Carcajada general. Roberto nunca calibraba su capacidad para resultar blanco de las burlas, incluso parecía propiciarlas.
—A veces, los animales, sin que esté muy clara la razón, rechazan a algún miembro…
—Eso, que también ellos tienen sentido de la estética, vaya.
—Paula, el cachondeo cuando suene el timbre. Decía que uno de los miembros puede resultar rechazado, es decir, lo marginan y evitan incluso la caza con él. Por ejemplo, en un grupo de leones, donde las leonas son las cazadoras y, en definitiva, las que hacen posible la supervivencia del grupo, alguna vez rechazan a una de las hembras y llegan a impedirle que se acerque a los cachorros y al propio grupo, bajo amenaza de muerte…
—Pues espero que no se dé en el caso de Jorge —susurró Carlos al oído de su amiga.
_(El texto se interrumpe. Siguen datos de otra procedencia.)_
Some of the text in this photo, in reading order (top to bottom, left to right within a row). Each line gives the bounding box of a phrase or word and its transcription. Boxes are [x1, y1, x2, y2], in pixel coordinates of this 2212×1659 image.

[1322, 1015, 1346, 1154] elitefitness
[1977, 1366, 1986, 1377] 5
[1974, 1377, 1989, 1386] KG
—Charly, no seas negativo.
Resultaba fácil decirlo, pero Marga también temía por aquel grupo de leones capaz de poner las cosas muy difíciles al nuevo.
—¿Y qué hace entonces la leona rechazada? —preguntó Dani.
—Sobrevivir, si puede.
—A ti te haríamos siempre un huequecito, Dani.
—Gracias, Paula.
Marga no sabía dónde meterse. Se arrepentía de haber dado cancha a Dani en el grupo de apoyo a Jorge. ¿Por qué lo había hecho? Prefirió no darle más vueltas por si su propia imagen no salía del todo indemne de la respuesta.
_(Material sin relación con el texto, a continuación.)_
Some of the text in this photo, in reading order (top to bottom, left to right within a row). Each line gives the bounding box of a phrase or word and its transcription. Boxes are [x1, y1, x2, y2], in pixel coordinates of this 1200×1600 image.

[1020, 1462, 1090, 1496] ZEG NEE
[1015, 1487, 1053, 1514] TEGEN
El nuevo apareció y no fue difícil sospechar que no provenía de la misma manada. Jorge no vestía el mismo tipo de ropa, moderna e informal pero cara, y llegaba al colegio acompañado por otro chico, como de unos veintitrés años, que lo dejaba en la puerta y rea; parecía cuando terminaban las clases. Para ser un amigo, resultaba un poco rara tanta compañía de horario fijo.
—¿Quién es el chico que lo acompaña?. —Preguntó Dani, ahora inseparable de Marga. Dani, Carlos y la chica parecían, desde hacía días, una versión moderna y mixta de los tres mosqueteros.
—Un voluntario.
—¿Y por qué no viene solo?, preguntó Carlos. Jorge tuvo problemas. Bueno, toda su vida es un gran problema. Intentó escaparse alguna vez del centro de acogida y ahora lo tienen en período de observación.
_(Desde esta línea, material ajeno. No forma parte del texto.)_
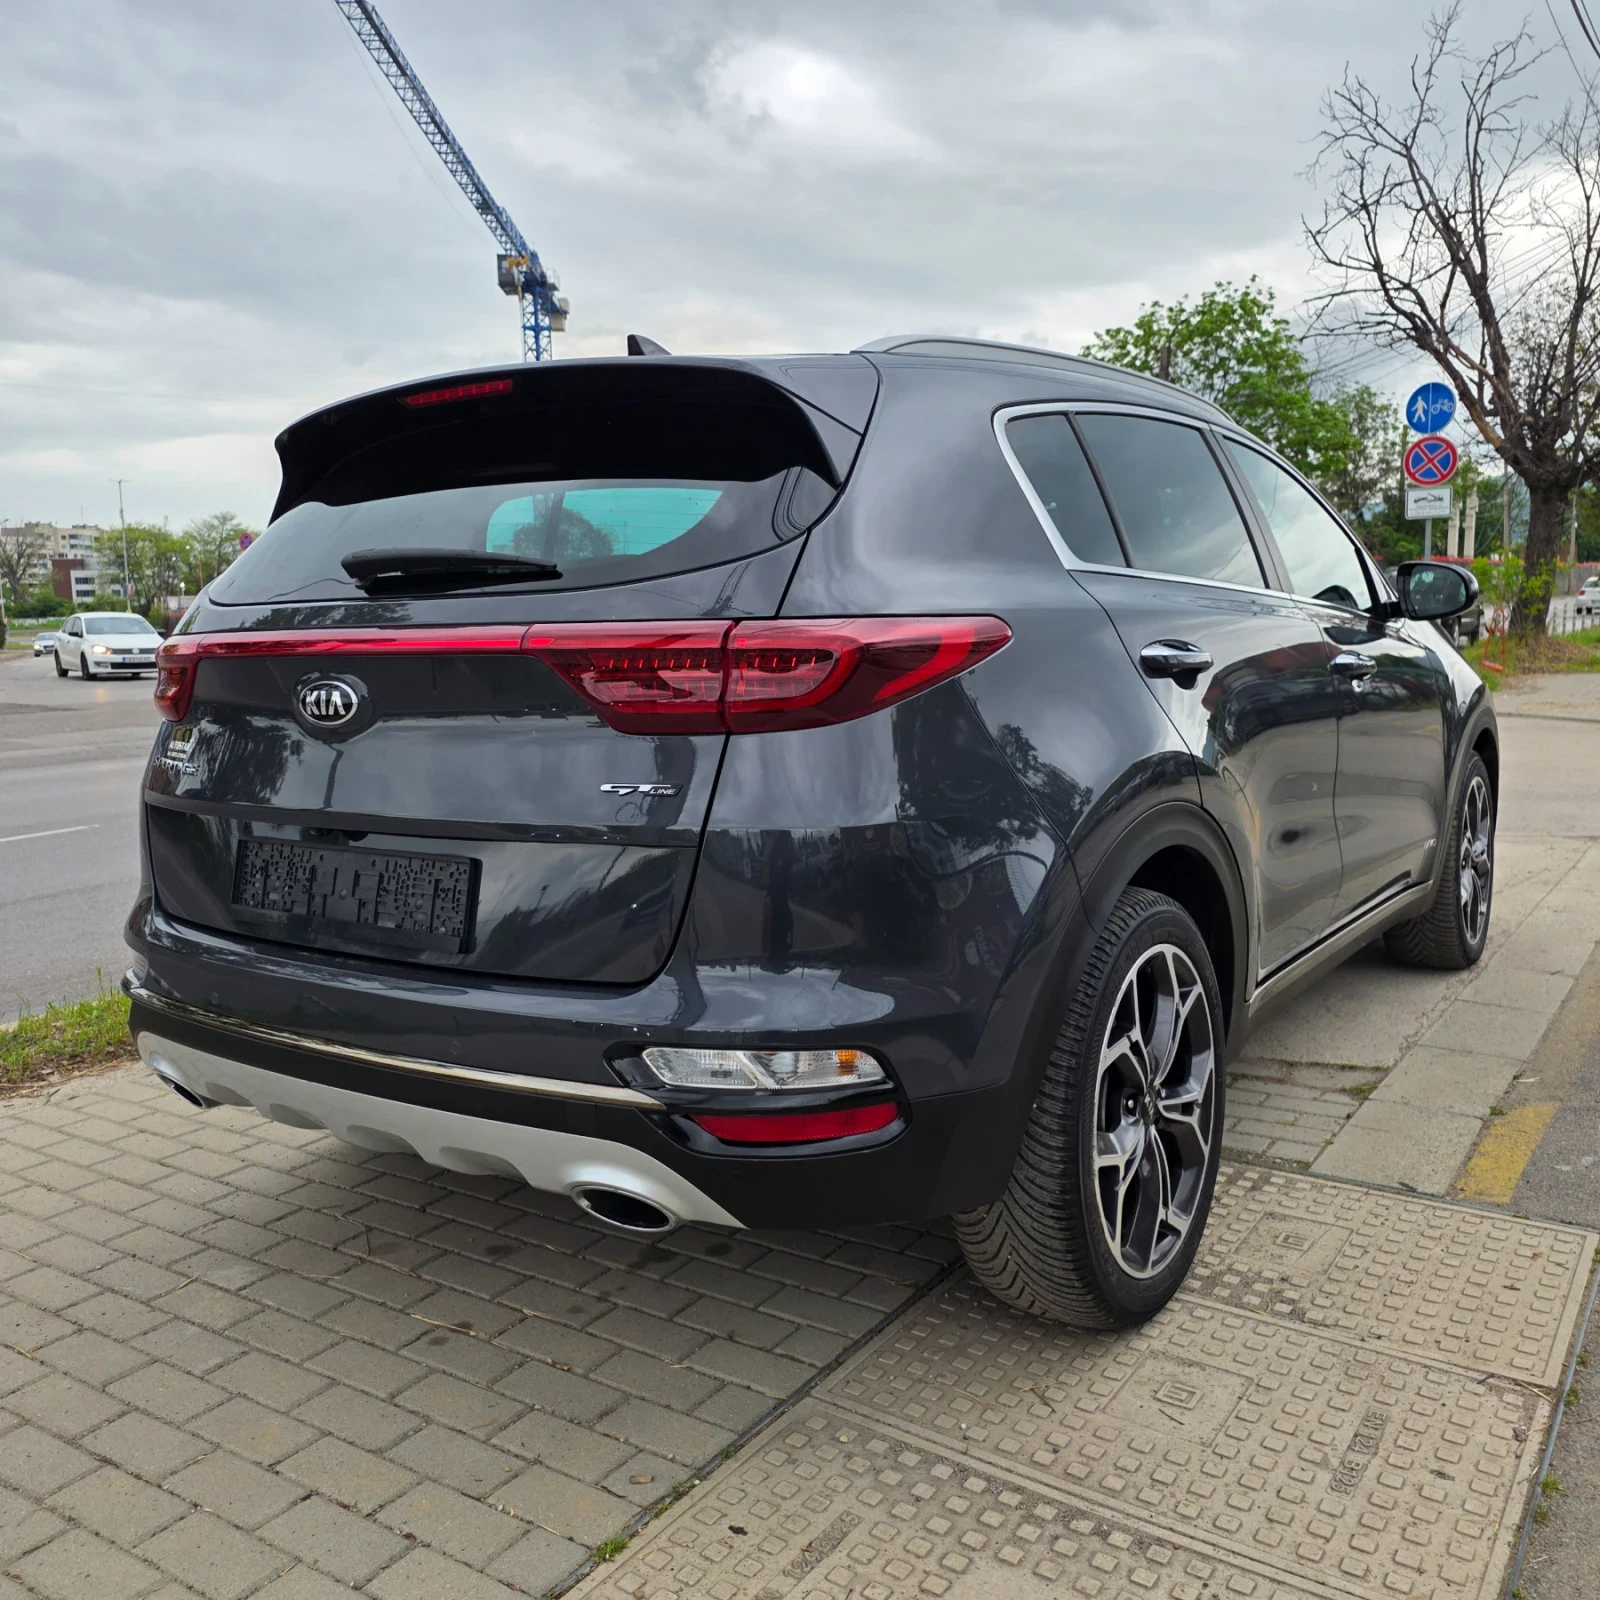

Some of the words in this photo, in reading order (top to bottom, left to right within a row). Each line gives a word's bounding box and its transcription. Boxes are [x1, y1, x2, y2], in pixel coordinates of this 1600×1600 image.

[305, 690, 346, 716] KIA
[600, 783, 672, 796] GT
[1363, 1408, 1387, 1429] EN
[1351, 1431, 1376, 1454] 124
[1331, 1458, 1362, 1496] B125
—Como a los mutantes de un laboratorio —dijo Carlos.
—No, hombre, como a los presos a quienes conceden la libertad condicional —corrigió Dani.
—Debe de ser bastante humillante para él —terminó Marga.
No se equivocaba la chica acerca de los sentimientos de Jorge, porque no daba muestras de sentirse en la compañía elegida cuando el voluntario aparecía, puntualmente, a recogerlo. Jorge tenía diecinueve años; esos dos años más de diferencia con el resto de los alumnos del curso lo convertían en un ser extraño, en una especie de repetidor sin relación con ninguno de los compañeros. Se mostraba huraño, a la defensiva, manifestando incluso reacciones físicas ante el más simple gesto de aproximación.
Actuaba como un animalillo introducido en un hábitat desconocido y para el cual nadie le había proporcionado los códigos de comportamiento. Se defendía porque se sentía diferente y porque siempre había necesitado defenderse. Necesitaba ser adoptado como un huérfano, aunque él mismo se negara tal condición.
—No nos lo pone fácil. Da la impresión de que preferiría que lo dejásemos en paz —aseguró Dani, que había intentado acercarse varias veces en los dos días que el chico llevaba con ellos—. Parece que es a él a quien le molesta nuestra compañía.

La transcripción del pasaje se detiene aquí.